A screen shows the current price of Time Warner shares, above the floor of the New York Stock Exchange, shortly after the opening bell in New York, U.S., November 15, 2017. REUTERS/Lucas Jackson
A screen shows the current price of Time Warner shares, above the floor of the New York Stock Exchange, shortly after the opening bell in New York, U.S., November 15, 2017. REUTERS/Lucas Jackson

The Department of Justice’s antitrust case against AT&T reached a crescendo Wednesday as government lawyers asked an expert economist to explain how the telecom giant’s proposed $85 billion merger with Time Warner would lead to higher cable bills for consumers.

By 2021, consumers could be paying an extra $571 million a year in TV fees — the result of AT&T-Time Warner charging cable companies higher prices to carry channels such as CNN, TBS and TNT, said Carl Shapiro, a professor at the University of California, Berkeley who analyzed the deal on the government’s behalf.

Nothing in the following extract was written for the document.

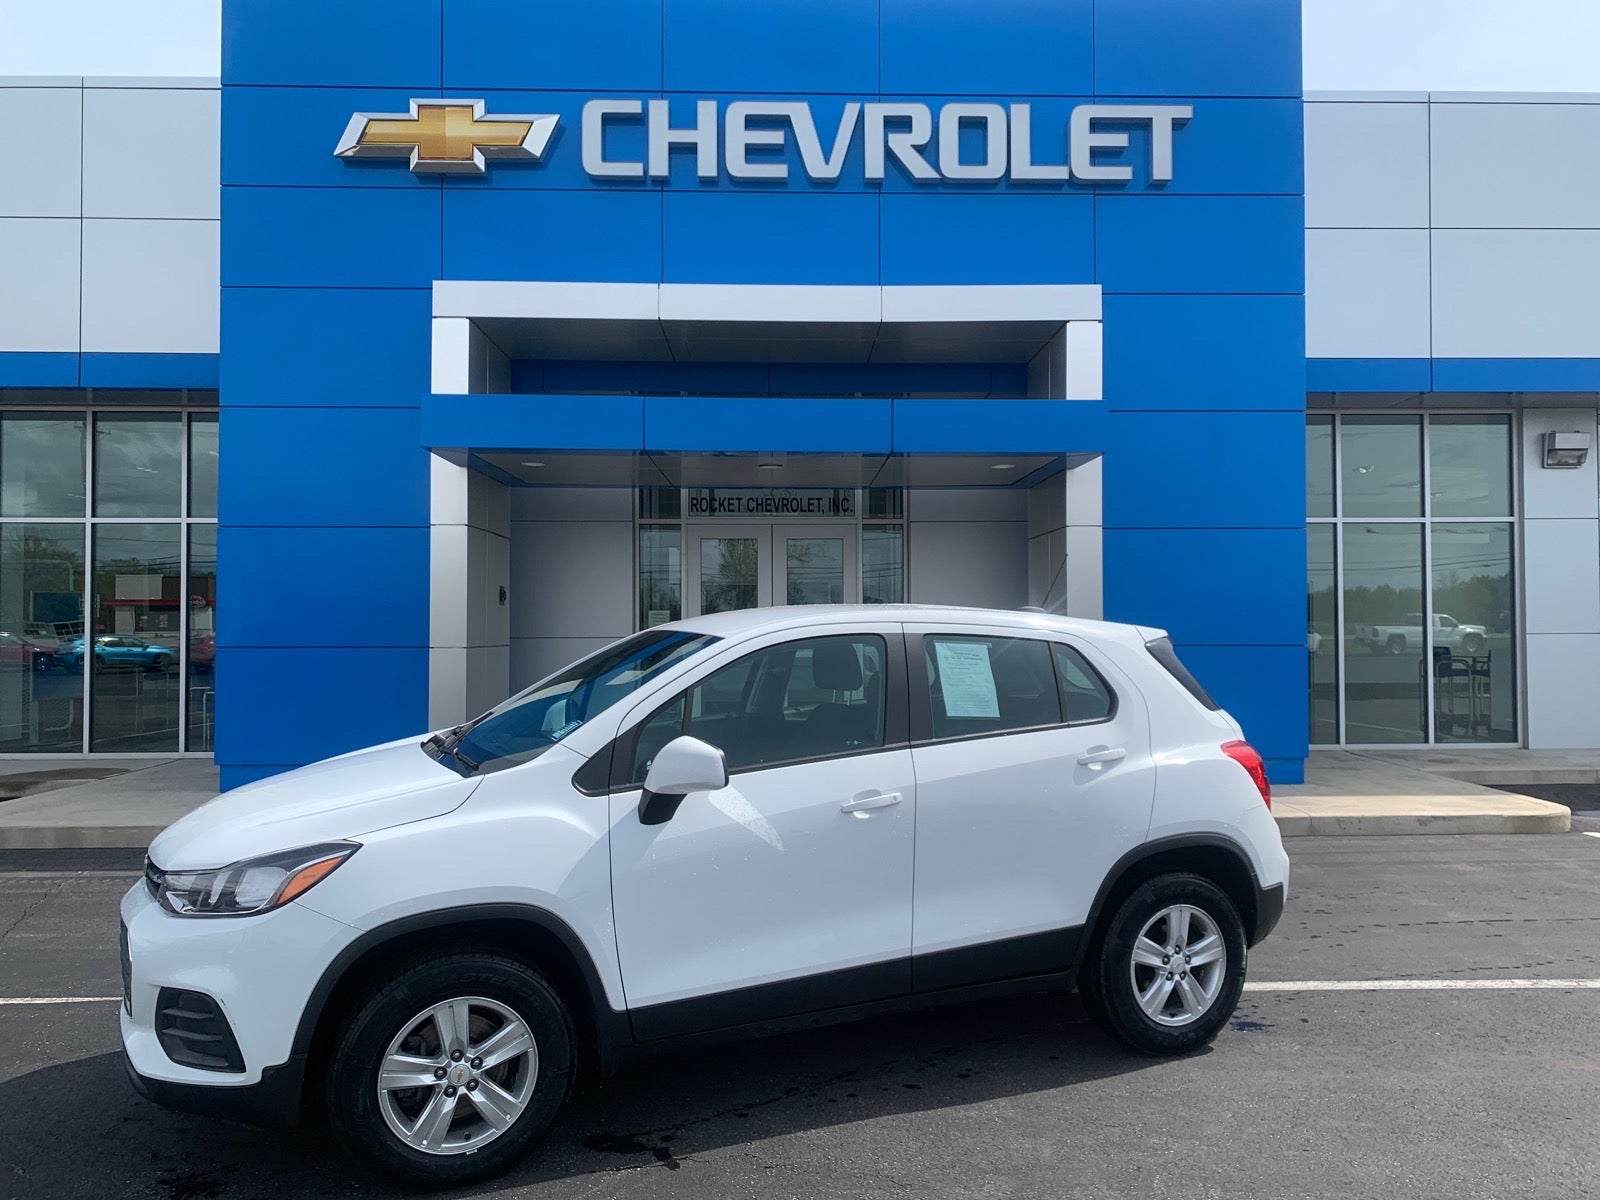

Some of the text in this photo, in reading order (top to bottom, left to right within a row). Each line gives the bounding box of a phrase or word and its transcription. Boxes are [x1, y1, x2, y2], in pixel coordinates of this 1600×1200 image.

[580, 98, 1194, 184] CHEVROLET
[690, 497, 854, 515] ROCKET CHEVROLET, INC.
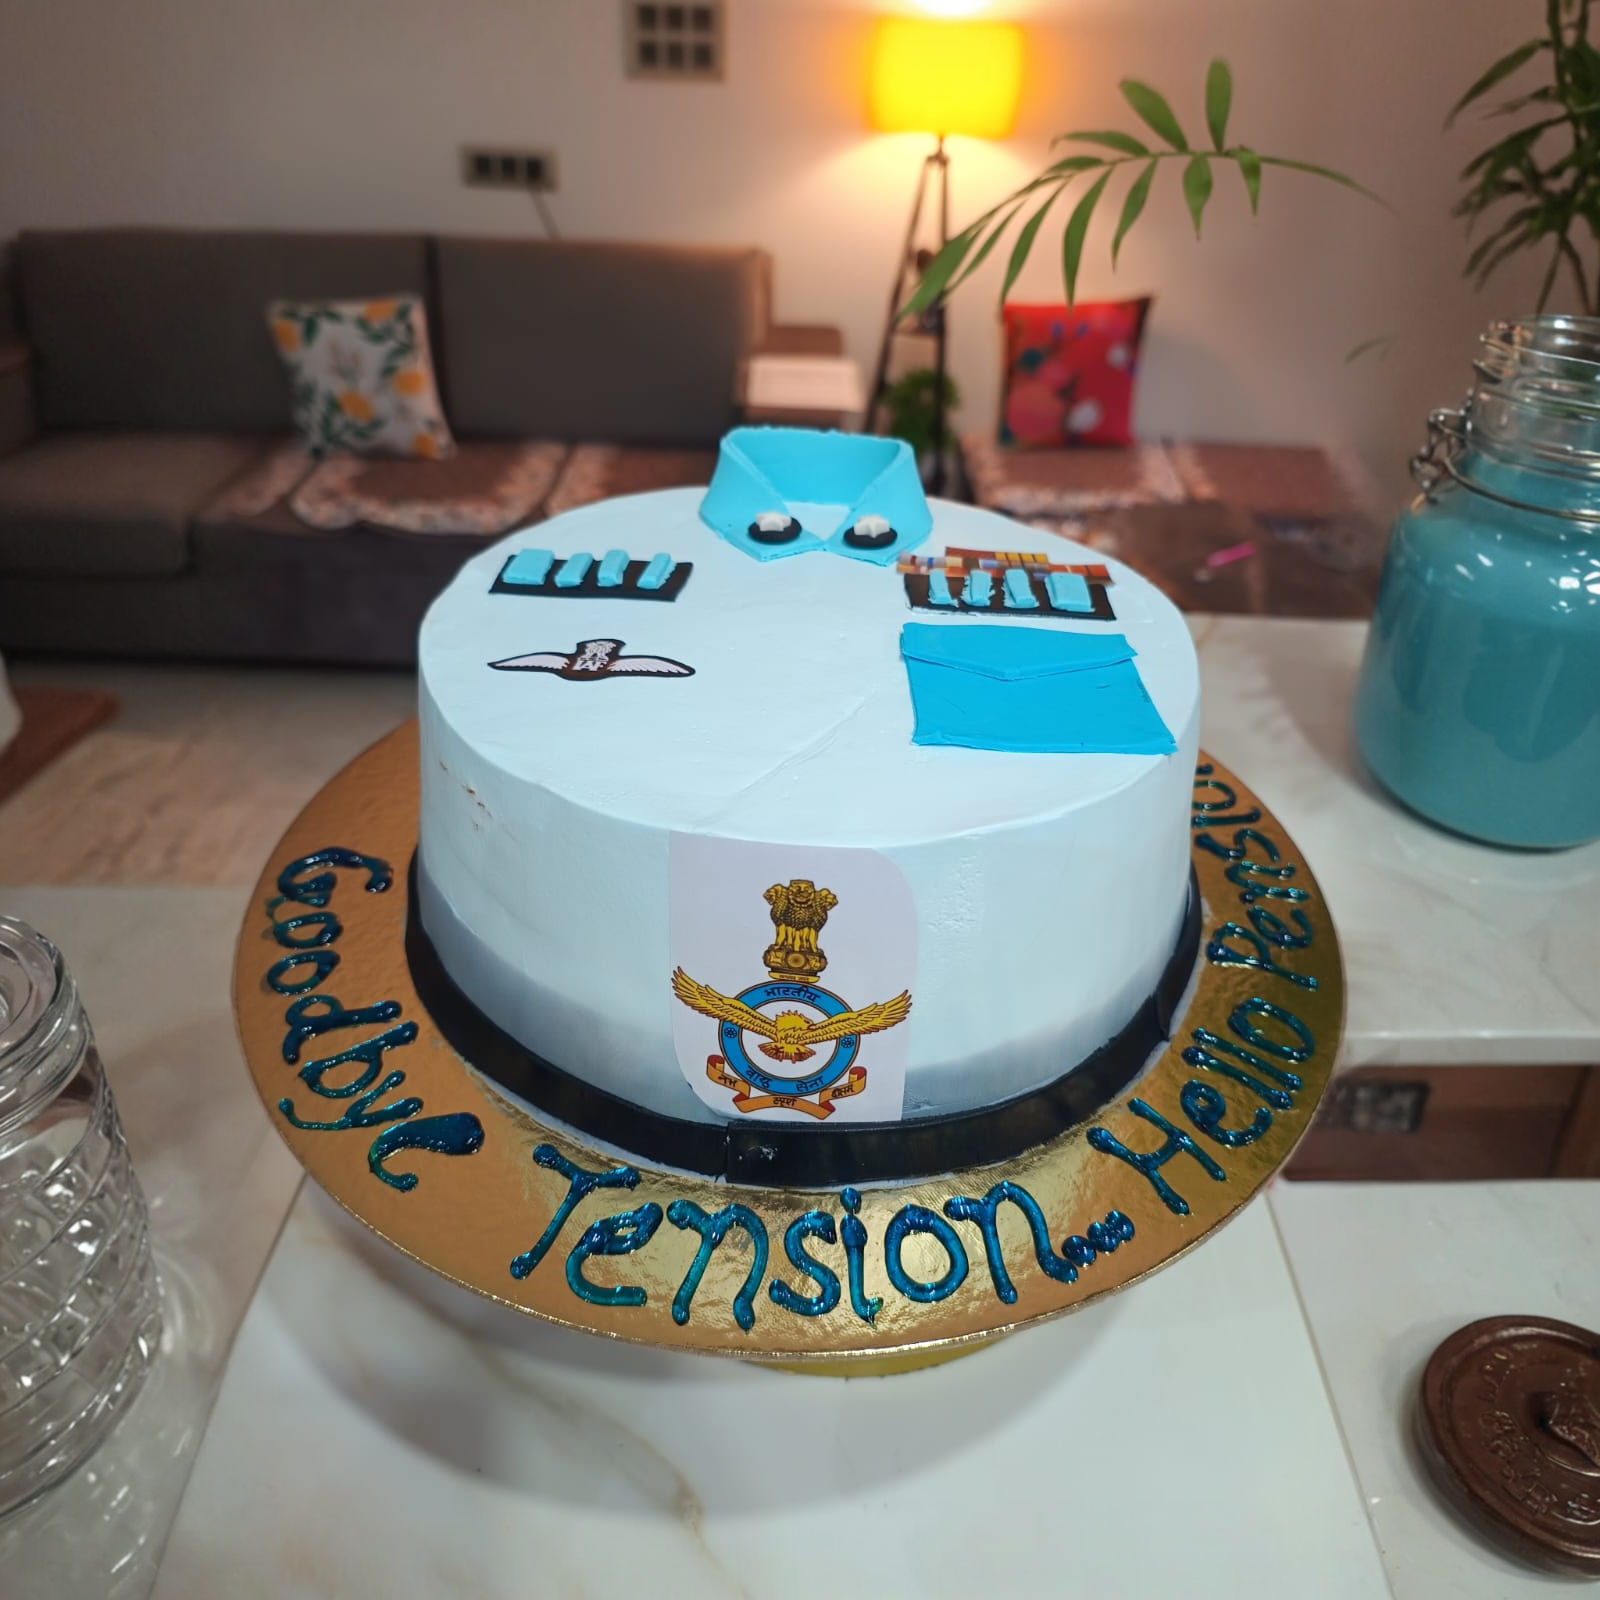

“I’ve concluded the merger will harm consumers,” Shapiro told the court. “The harm is significant.”

Shapiro’s testimony serves as the linchpin of the government’s case because antitrust suits frequently turn on demonstrated impacts to consumer prices.

Although economic testimony can be abstract and complex, Shapiro took pains to walk Judge Richard Leon through every step of his analysis.

The effort earned Shapiro an early rapport with Leon. As the two traded jokes, Shapiro deftly explained key business concepts that the Justice Department had trouble getting across using previous witnesses whose arguments Leon had dismissed as merely opinion.

For example, Shapiro conveyed the significance of possible changes in bargaining leverage between AT&T and other cable companies, should the merger be approved.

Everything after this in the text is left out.